Sunday, December 18, 2011

Everyday Life

I walked to the Gulf of Finland today. I know, right? Let me say it again. I walked to the Gulf of Finland today. Why? Just because I could. Well that and because I drank half a liter of Coke at McDonald's and wanted to walk off the caffeine. Speaking of McDonald's it's always crowded in Russia. I was sitting at a table enjoying just being by myself when three teenage boys asked if they could sit there too since there was no room. I am not exaggerating this either. Each boy had on his tray a Big Mac, A Big and Tasty, Six Chicken Nuggets, a Medium Fry and a medium drink. And those sandwiches are about the same as they are in the states. Yeah. It was ridiculous. I told them so too. Or rather I told them we didn't even eat like that in America (And Americans stereotypically eat a lot) The one young man's reply was that this was Russia.
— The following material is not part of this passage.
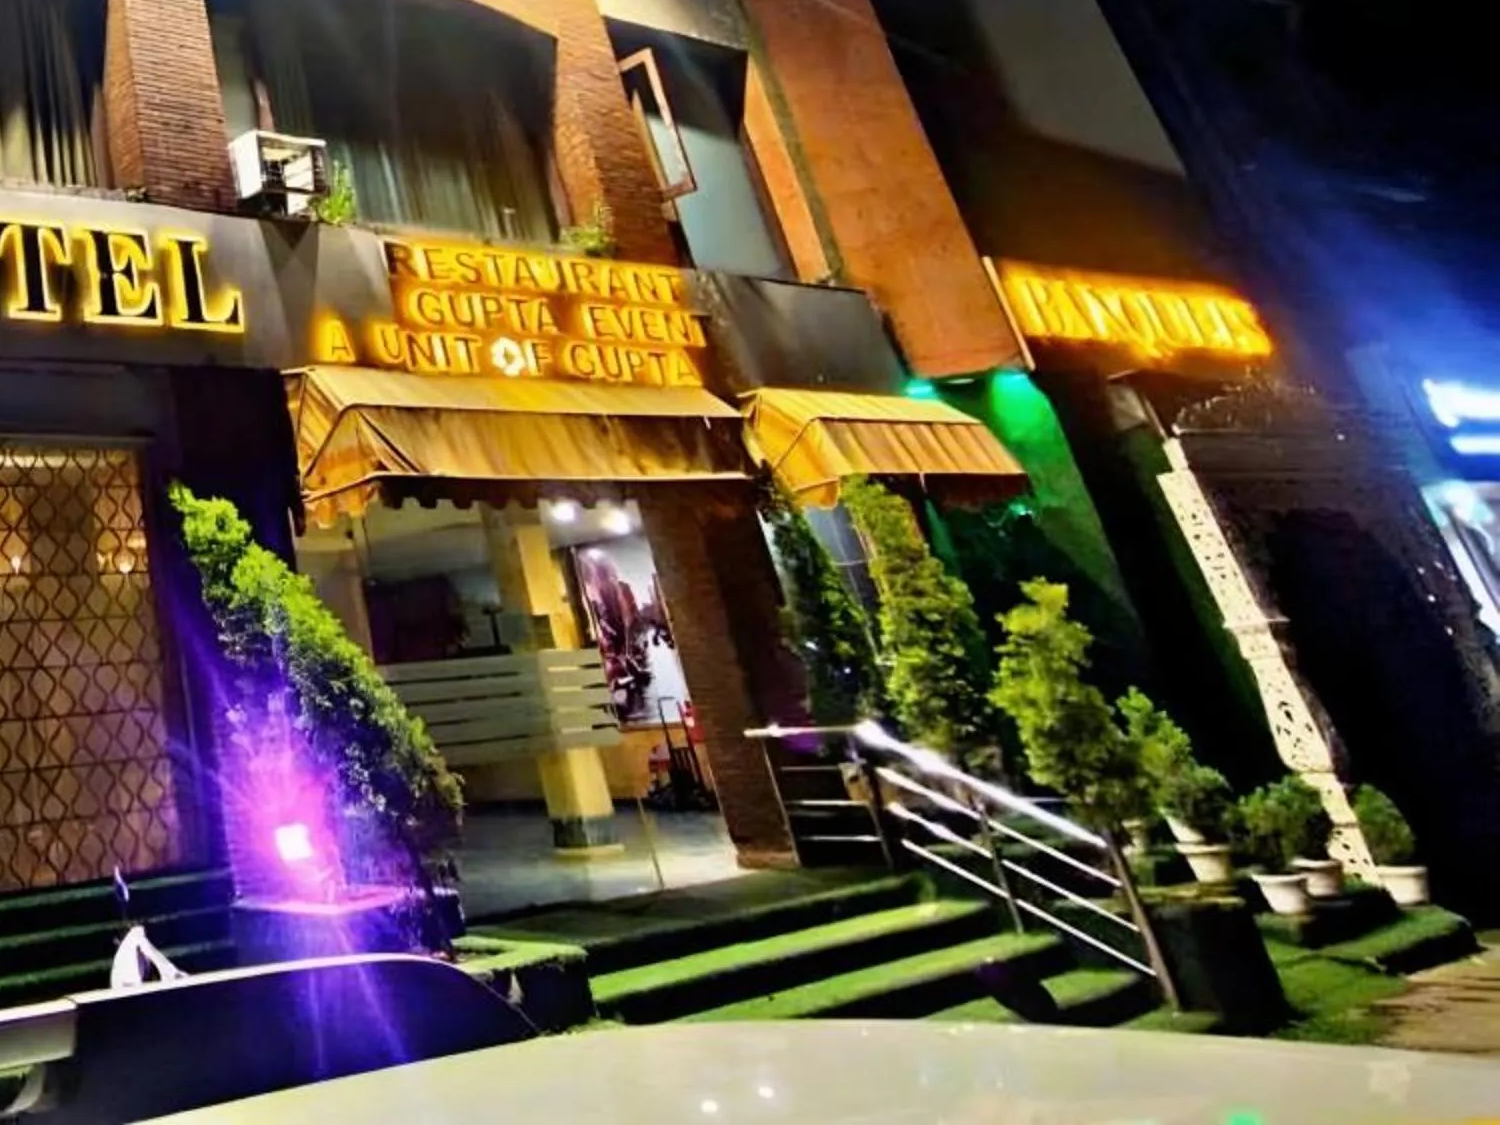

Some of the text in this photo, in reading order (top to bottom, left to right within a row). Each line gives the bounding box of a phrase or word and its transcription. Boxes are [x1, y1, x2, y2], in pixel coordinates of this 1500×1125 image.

Can't argue with that.

I feel like my point in writing all this is that living here is a place of contrasts. I'm not just talking about the culture, but my point is that on the one hand it's everyday life. I brush my teeth, I buy groceries, I do laundry, I go to work. On the other hand, I'm doing it in Russia. Not just in Russia, but in St. Petersburg. So the contrast is you have things like "I went walking on Nevsky prospect today, I went to Kazan Cathedral, Oh yeah, that's the Palace Square where the Hermitage is. No biggie."

I don't always write about the big things that go on, because honestly for me it's more about the every day stuff. It's about working with Sergei, Galina Mikhailovna and Marina to prepare dinner for Poisk. It's about sitting with Sasha, baby Ilya and Marina just having a nice conversation. The little everyday things. And it may sound cool because it's happening in Russia but people are people and somethings never change.
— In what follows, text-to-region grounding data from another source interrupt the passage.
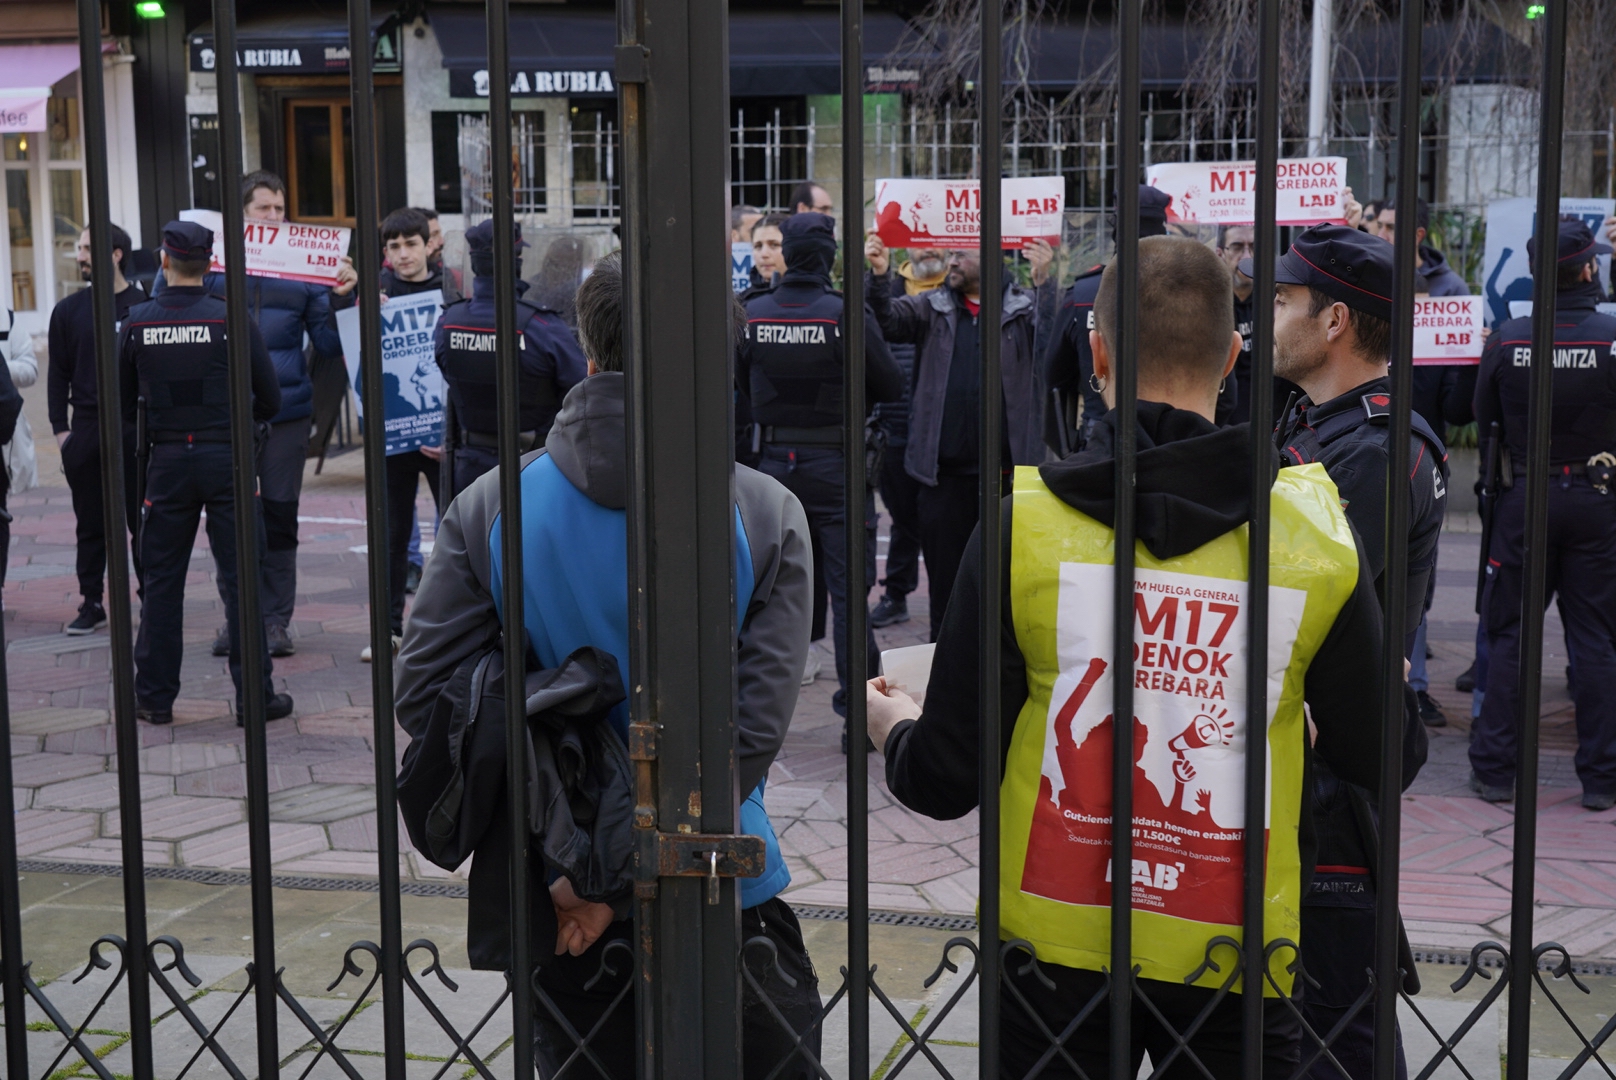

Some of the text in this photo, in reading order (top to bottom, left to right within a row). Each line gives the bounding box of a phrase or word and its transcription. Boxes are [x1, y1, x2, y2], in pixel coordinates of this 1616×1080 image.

[244, 49, 302, 67] RUBIA
[324, 47, 351, 60] Mah
[510, 71, 614, 93] A RUBIA
[0, 110, 28, 127] fee
[1276, 161, 1338, 178] DENOK
[1276, 177, 1338, 190] GREBARA
[946, 188, 980, 211] M1
[1011, 197, 1059, 216] LAB
[1209, 198, 1246, 207] GASTEIZ
[1300, 194, 1337, 208] LAB
[945, 211, 981, 223] DEN
[288, 225, 341, 241] DENOK
[945, 224, 981, 234] GREB
[245, 247, 262, 255] TEIZ
[287, 237, 341, 252] GREBARA
[306, 254, 339, 268] LAB
[1414, 301, 1472, 316] DENOK
[381, 304, 437, 337] M17
[1413, 316, 1473, 328] GREBARA
[143, 325, 212, 346] ERTZAINTZA
[450, 331, 526, 352] ERTZAINTA
[756, 325, 827, 344] ERTZAINTZA
[1434, 332, 1472, 346] LAB
[383, 344, 436, 361] OROKOR
[1513, 346, 1598, 369] ERINTZA
[1149, 582, 1191, 597] HUELGA
[1194, 589, 1240, 603] GENERAL
[1134, 592, 1239, 649] M17
[1134, 669, 1225, 701] REBARA
[1063, 809, 1113, 825] Gutxiene
[1132, 816, 1163, 829] oldata
[1164, 821, 1200, 838] hemen
[1202, 831, 1242, 841] erabaki
[1142, 829, 1181, 846] 1.500€
[1068, 834, 1103, 846] Soldatak
[1134, 840, 1188, 856] aberastasuna
[1188, 850, 1231, 864] banatzeko
[1311, 881, 1365, 893] ZAINTZA
For example, yesterday I was leading a discussion about American Christmas Traditions at the American Corner (Which is a place where people interested in learning and practicing English can go and attend different events such as movie showings, reading clubs, singing clubs etc. to help them practice) At the end of said discussion I had one gentleman inform me that his son was 26 and basically told me I should marry him. And I thought that sort of thing wouldn't happen once I left the states. Guess I was wrong. ha ha.

I think maybe that's the whole point of my sporadic blog posts. I feel like when I was on exchange, I tried my best to show not only the awesome cool parts of exchange, but the seamy underbelly as well. It's the same with this mission work. Yeah it's so cool to be like "Hey! I'm serving God overseas and look at all the cool stuff I get to do!" But a lot of times missionaries don't talk about how hard it can be. How lonely. As I told one of my friends from college the other day, I have never felt so close to God yet at the same time so far away from him. It's kind of a weird feeling.

Anyway, I don't want to end on a depressing note. Feeling down isn't something that happens everyday. And it's something that happens a lot less here than it did in Yakutsk. Not only that but I'm a lot better at handling it this time around. I just have nice long chats with God and try to find the good in being here. Honestly, this experience so far as been an amazing one and I wouldn't trade it for anything.